Word for word, transcribe all of the records.

[Collected data]
┏━━

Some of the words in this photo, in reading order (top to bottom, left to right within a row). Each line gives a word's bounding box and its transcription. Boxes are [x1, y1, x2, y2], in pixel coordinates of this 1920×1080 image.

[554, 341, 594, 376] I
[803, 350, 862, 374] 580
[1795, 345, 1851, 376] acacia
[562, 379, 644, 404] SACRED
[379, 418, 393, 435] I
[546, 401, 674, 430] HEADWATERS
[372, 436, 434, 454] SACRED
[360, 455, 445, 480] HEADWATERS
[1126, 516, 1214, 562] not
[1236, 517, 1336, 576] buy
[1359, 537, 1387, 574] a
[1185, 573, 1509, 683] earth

┗━━

**WRITTEN SOLUTION**
Some of the words in this photo, in reading order (top to bottom, left to right within a row). Each line gives a word's bounding box and its transcription. Boxes are [x1, y1, x2, y2], in pixel coordinates of this 1920×1080 image.

[554, 341, 594, 376] I
[803, 350, 862, 374] 580
[1795, 345, 1851, 376] acacia
[562, 379, 644, 404] SACRED
[379, 418, 393, 435] I
[546, 401, 674, 430] HEADWATERS
[372, 436, 434, 454] SACRED
[360, 455, 445, 480] HEADWATERS
[1126, 516, 1214, 562] not
[1236, 517, 1336, 576] buy
[1359, 537, 1387, 574] a
[1185, 573, 1509, 683] earth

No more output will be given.